Arivazhagan C, Maity Arunava, Bakthavachalam K, Jana Arijit, Panigrahi Suraj Kumar, Suresh Eringathodi, Das Amitava, Ghosh Sundargopal
Department of Chemistry, Indian Institute of Technology Madras, Chennai, 600 036, India.
CSIR-Central Salt and Marine Chemicals Research Institute, Bhavnagar, 364 002, India.
Chemistry. 2017 May 23;23(29):7046-7051. doi: 10.1002/chem.201700187. Epub 2017 May 3.
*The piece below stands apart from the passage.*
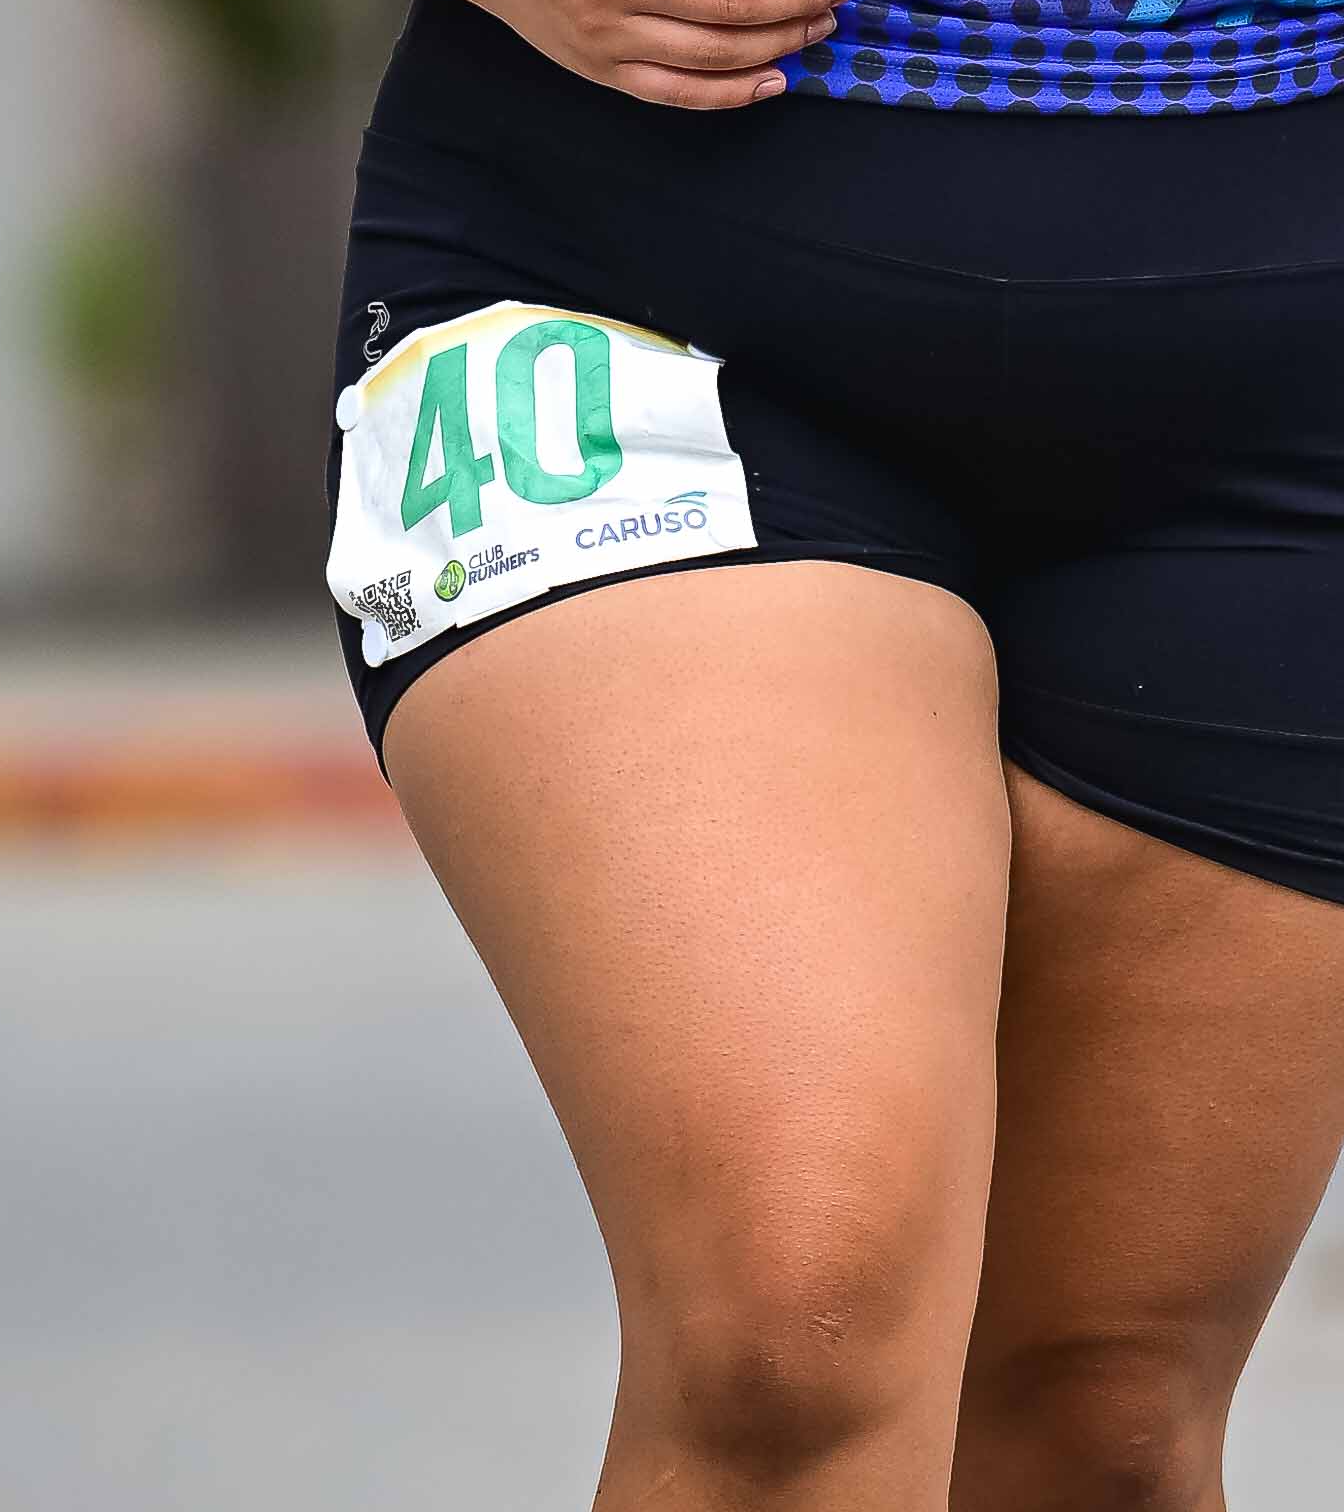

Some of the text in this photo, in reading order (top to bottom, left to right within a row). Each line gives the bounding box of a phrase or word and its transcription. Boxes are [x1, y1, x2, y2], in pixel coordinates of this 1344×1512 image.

Phenothiazines with a dimesityl boron moiety, a new class of aminoboranes with B-N linkage, were synthesized. These aminoboranes exhibited interesting photophysical behavior including aggregation-induced emission (AIE), mechanochromism (MC), mechanoluminescence (ML), and a mega Stokes shift (up to 312 nm in hexane). The solid-state emission of the aminoboranes could be switched reversibly by grinding-fuming processes. Furthermore, the phenothiazine derivative with a bromo and an arylborane group at 3- and 7-positions exhibited bright mechanoluminescence.
合成了带有二甲基硼部分的吩噻嗪,这是一类具有B-N键的新型氨基硼烷。这些氨基硼烷表现出有趣的光物理行为,包括聚集诱导发光(AIE)、机械变色(MC)、机械发光(ML)和大斯托克斯位移(在己烷中高达312 nm)。氨基硼烷的固态发射可以通过研磨-熏蒸过程可逆地切换。此外,在3位和7位带有溴和芳基硼烷基团的吩噻嗪衍生物表现出明亮的机械发光。